### PROBLEM
Each record should be copied exactly into the answer, and no picture should go with it.

[Free-text object descriptions]
=== Section Start ===

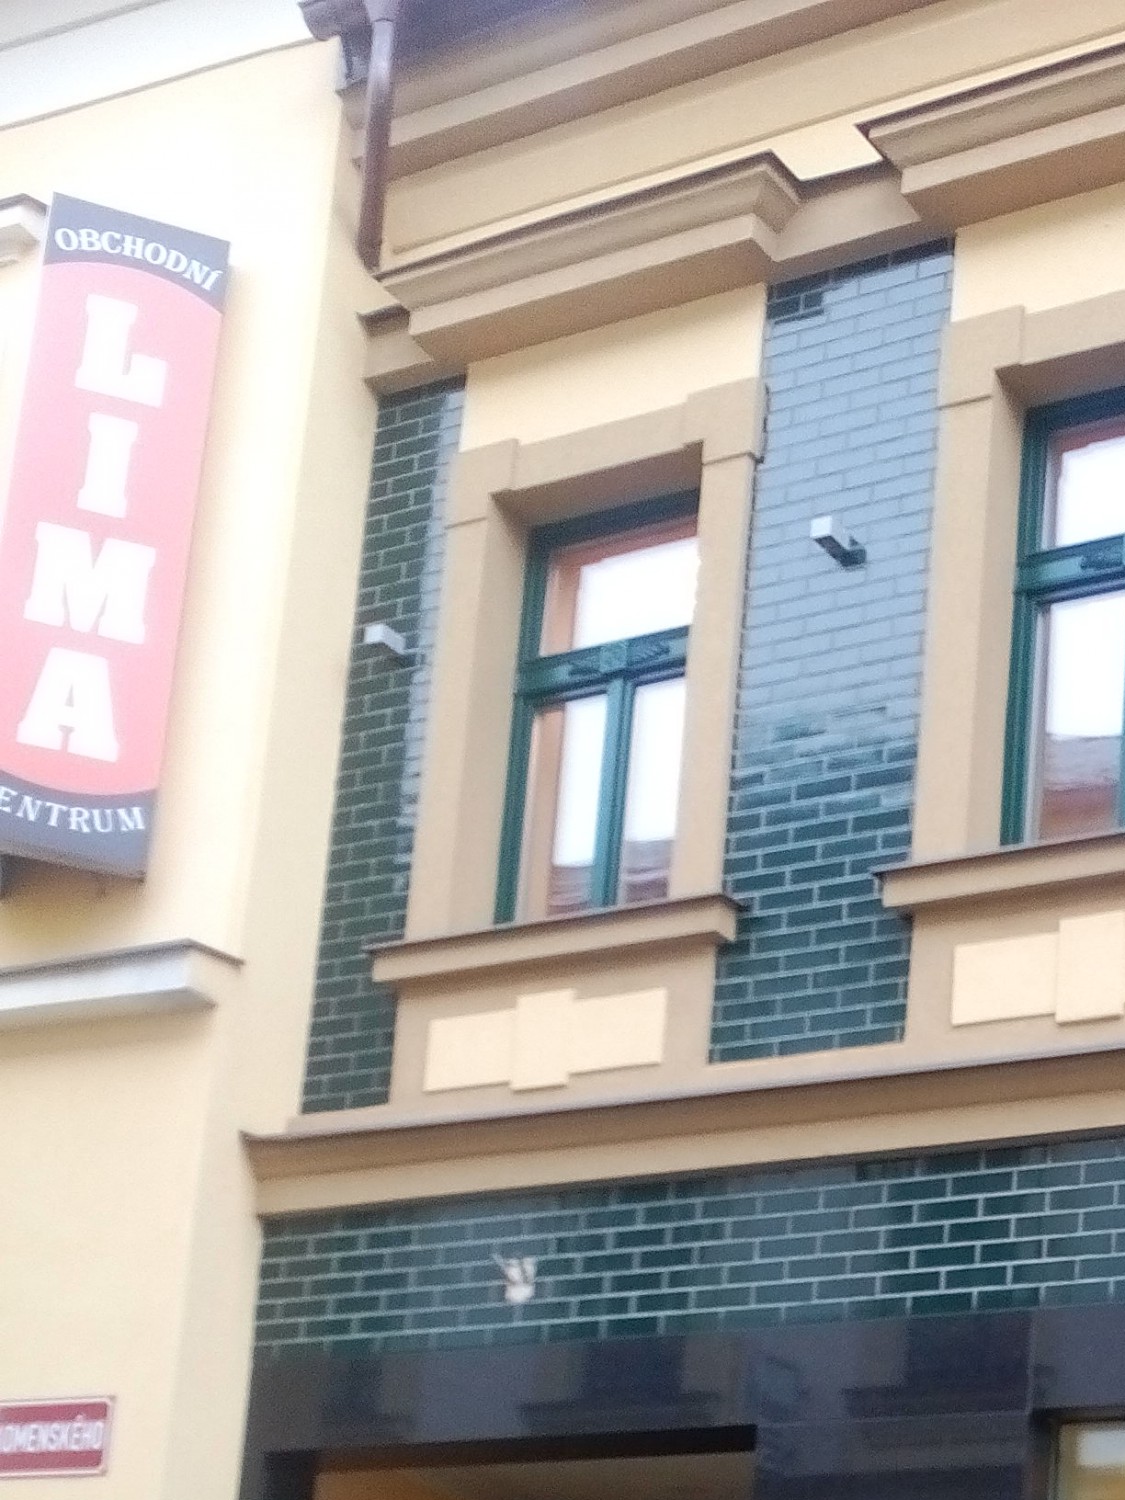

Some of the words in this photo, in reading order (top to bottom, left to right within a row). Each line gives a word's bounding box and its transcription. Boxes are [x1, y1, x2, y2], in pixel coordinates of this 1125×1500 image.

[54, 227, 223, 291] OBCHODNÍ
[16, 293, 168, 763] LIMA
[0, 785, 146, 833] ENTRUM
[0, 1414, 104, 1453] OMENSKÉHO
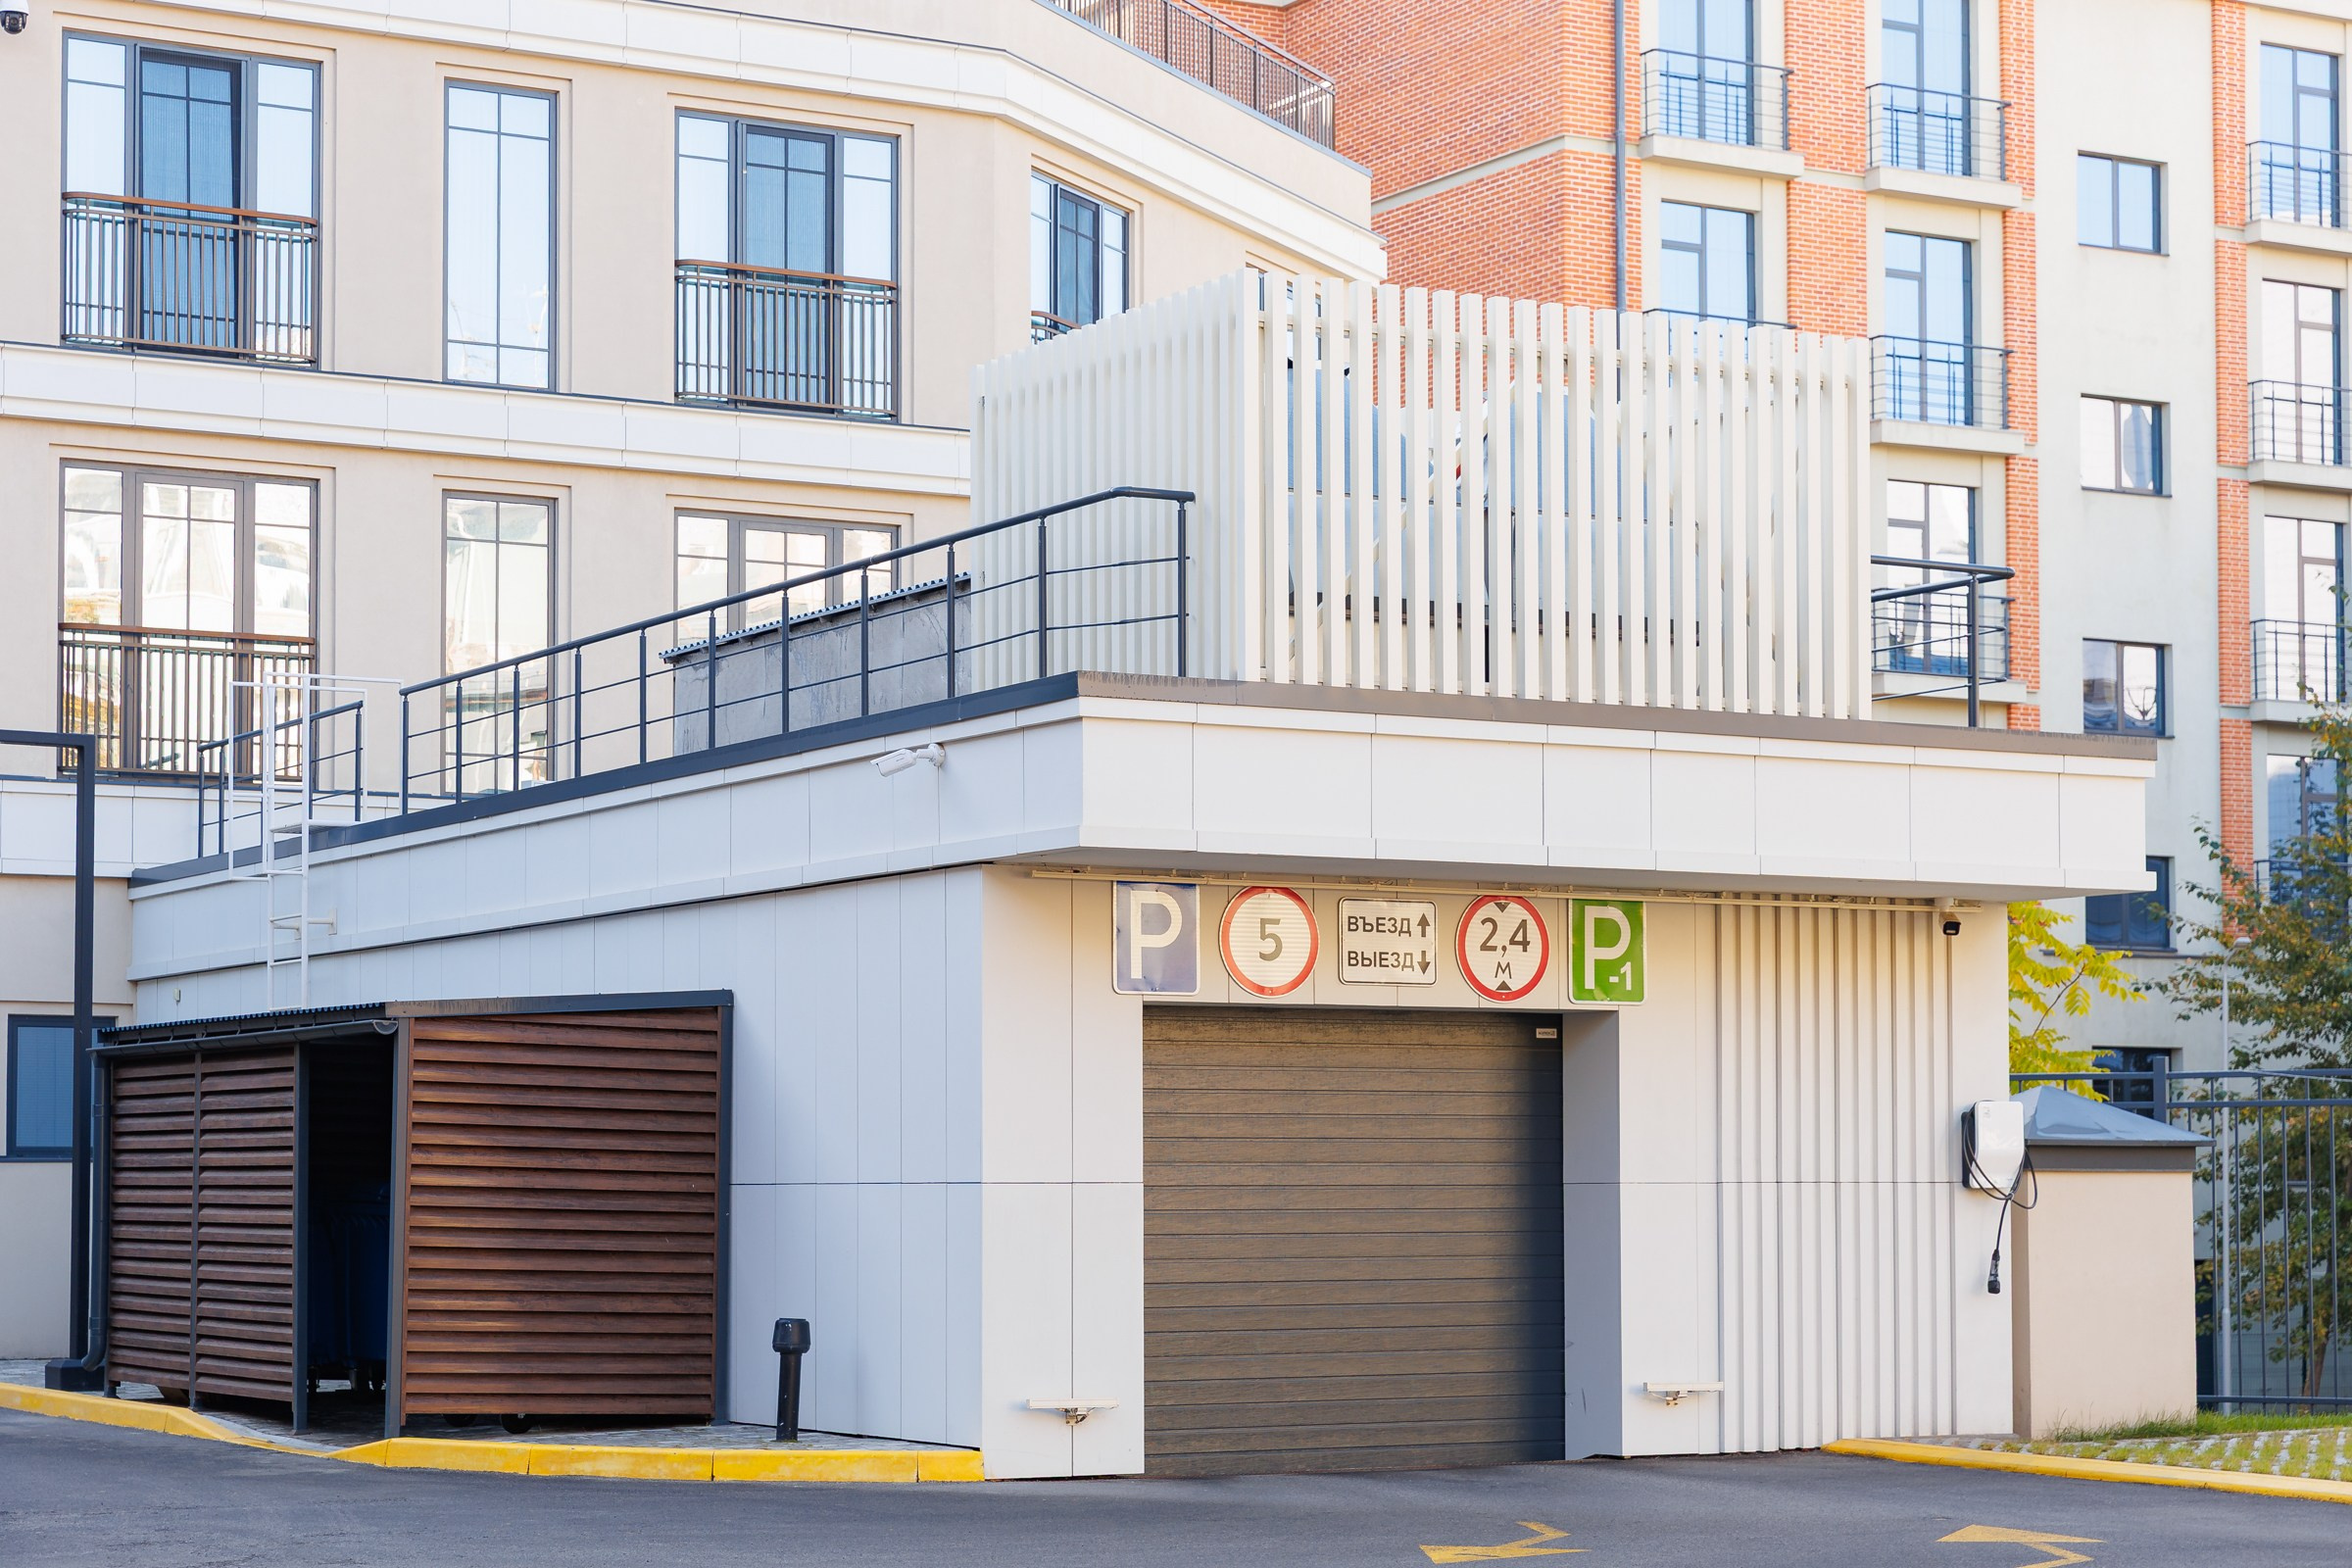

=== Section End ===

### WORKED SOLUTION
Some of the words in this photo, in reading order (top to bottom, left to right within a row). Each line gives a word's bounding box and its transcription. Boxes are [x1, y1, x2, y2], in pixel coordinates of this 1125×1500 image.

[54, 227, 223, 291] OBCHODNÍ
[16, 293, 168, 763] LIMA
[0, 785, 146, 833] ENTRUM
[0, 1414, 104, 1453] OMENSKÉHO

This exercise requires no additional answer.